Almost immediately following his appointment as Clerk of the Court of Augmentations he acquired his first grant of former monastic lands when in December 1536 he was granted a lease of Pilton Priory in north Devon. On 5 February 1540 he made a larger acquisition when he purchased the lands of the dissolved Otterton Priory near the south Devon coast, which comprised a large part of the country surrounding the estuary and lower course of the River Otter. He made Otterton Priory his home and it continued as the principal residence of the Duke family, which held the estate until 1786 when it was sold to Denys Rolle of Bicton, thus making him eventually the largest landowner in Devon. The estate remains largely intact as the core landholding of Baron Clinton's 55,000-acre Devon estate, whose family was the heir of the Rolles. The catalogue entry of the record of the grant in the Patent Rolls is summarised as follows:

To Richard Duke and Elizabeth his wife, granting in fee, for £1,727.14.2. the manors of Otterton and Budlegh alias East Budlegh, which belonged to the late Monastery of St. Saviour and Saints Mary and Bridget, Syon, Middlesex; the advowsons of the vicarages of Otterton and Harpford alias Harford and Fen Ottery; and the churches and rectories of Otterton and Harpeford, and all lands etc. in Otterton, Normeston, Houghton, Pasford, Patteston, alias Pytteston, Harpeford alias Harford, Fen Otery, Otterton, Bykton and Budleigh alias East Budleigh belonging to the late monastery; also, the Water of Oter with the fishery of the same, the free warren, view of frankpledge and wreck of the sea in Otterton and Budleigh and all messuages, lands, etc. in Otterton, East Budleigh, Budleigh, Pasford, Houghton, Patteston alias Pytteston, Normeston, Pynne, Stouton, Bykton, Harpeford alias Harford, Fen Otery, Saltern, Tudwill, Polehaye Knoll and Daldyche etc., as Agnes Jorden late Abbess of the said monastery formerly held. Rent: £9. 12s.
Great Seal, in green wax, broken.

In 1542 he acquired the manor of Templecombe in Somerset and in 1544 Brownsea Island in Dorset. In 1546 with his brother John Duke he acquired Collaton Abbot, Devon and received by royal grant for himself Upper Budleigh and with his brother other manors in Devon and Somerset.

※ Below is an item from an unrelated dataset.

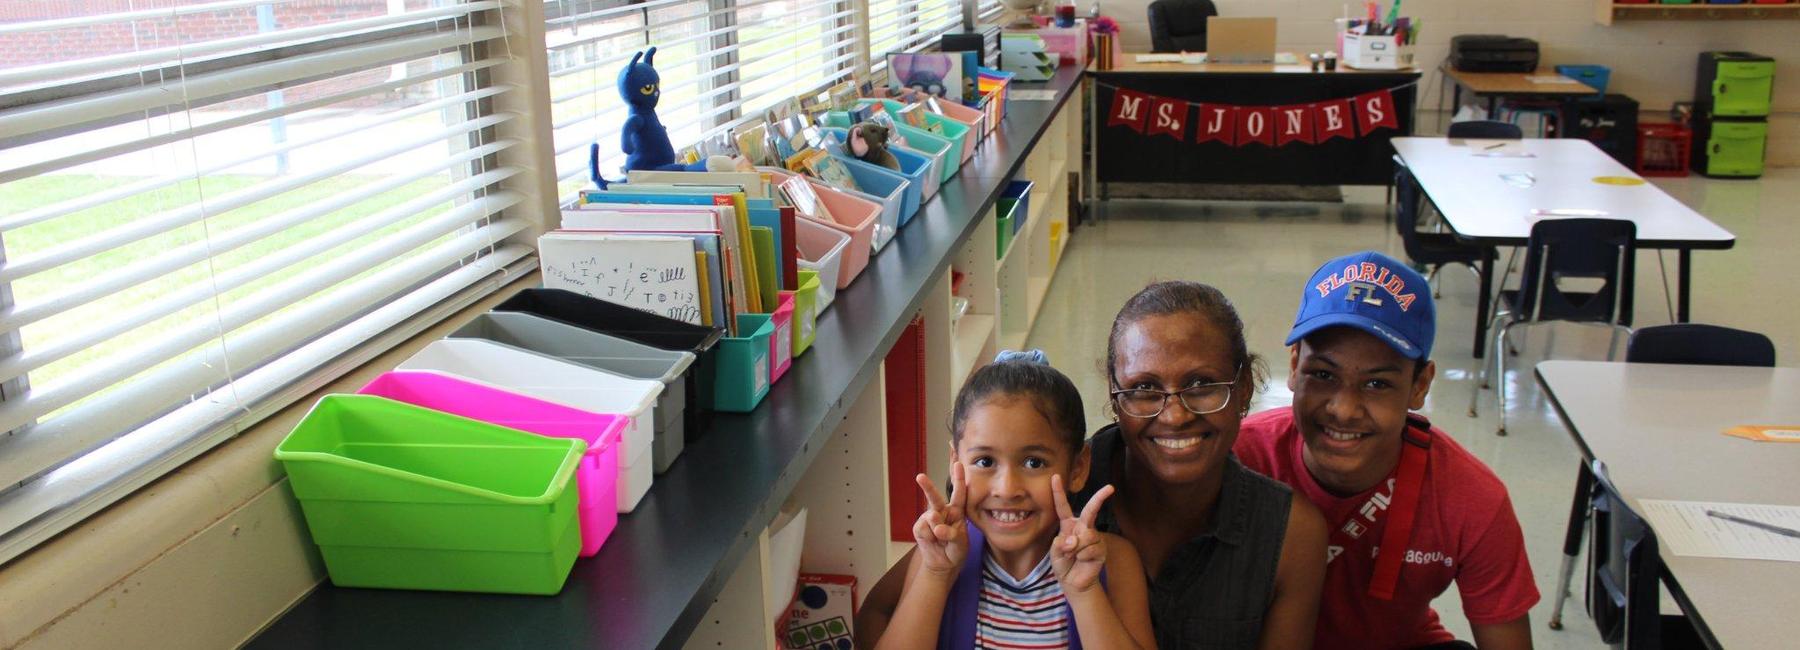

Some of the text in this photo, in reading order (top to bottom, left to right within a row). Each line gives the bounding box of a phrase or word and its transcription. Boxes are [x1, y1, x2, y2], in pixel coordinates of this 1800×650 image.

In 1550 Duke purchased from Sir Andrew Dudley, KG (c. 1507 – 1559), the "lordships and Manors of Bishops Teignton, Radway and West "Teyngmouth" and the rectories and church of Bishops Teignton and Radway". A chief rent of £20 was payable to Dudley after the death of "John, Bishop of Exeter", presumably Bishop John Vesey (died 1554). The purchase included the manor of "Lyndrygge" (Lindridge House).

==Purchase of chantries==
Duke purchased in 1548, with Thomas Bell (1486–1566), cap manufacturer and thrice Mayor of Gloucester, the former chantry of St. Catherine established at that saint's altar in St. Mary de Crypt Church, Gloucester. It had been established by the will of Garet van Eck in 1506 and comprised originally 100 marks, a house, vestments and plate. Its income in 1548 was £7 6s 4d, swelled by endowments subsequently received, including a stable and garden in the city and property in Lydney and Ripple, Worcestershire. Duke and Bell also purchased in 1548 a former obit for Richard Manchester, which owned a tenement producing income of 22s.

==Marriage and progeny==
Richard Duke married twice:
- Firstly, before April 1539 to Elizabeth Franke, daughter of John Franke of Yorkshire, by whom he had one daughter:
  - Christina Duke (died 1608) who married twice:
    - Firstly to George Cobham (alias Brooke) (1533 – c. 1569), MP, 2nd son of George Brooke, 9th Baron Cobham (c. 1497 – 1558), KG
    - Secondly to Gregory Sprint, MP for Shaftesbury in 1586 and Bridport in 1589, the son from her first marriage of her father's second wife Joan Hoby. He was from a modest background, the son of John Sprint, an apothecary of Bristol, and by his marriage he acquired considerable wealth. His residences became two of the manors acquired by Duke, Templecombe and Colaton Raleigh. He became involved in legal and physical disputes over the ownership of Templecombe, where he had built his residence, with his wife's sons from her first marriage, Duke Brooke and Peter Brooke.
- Secondly shortly after April 1562, as her 3rd husband, to Joan Hoby, daughter of Thomas Hoby (or Halby) of London and widow successively of William Pantin of London and John Sprint, apothecary of Bristol. He had by his second wife a son who died in infancy. She married fourthly Roger Gifford.

==Death and succession==
Duke died on 8 September 1572. He died intestate but had settled his lands on trustees in 1562 of which trust the beneficiary at his death was his nephew Richard II Duke (died 1607), the son of his brother John Duke "of Pinne", (now Pinn Barton Farm about 3 miles NE of Otterton) who thus inherited Otterton and his other lands. His daughter Christina inherited most of his personal estate. Richard II Duke married Katherine Prideaux, the daughter of George Prideaux of Nutwell.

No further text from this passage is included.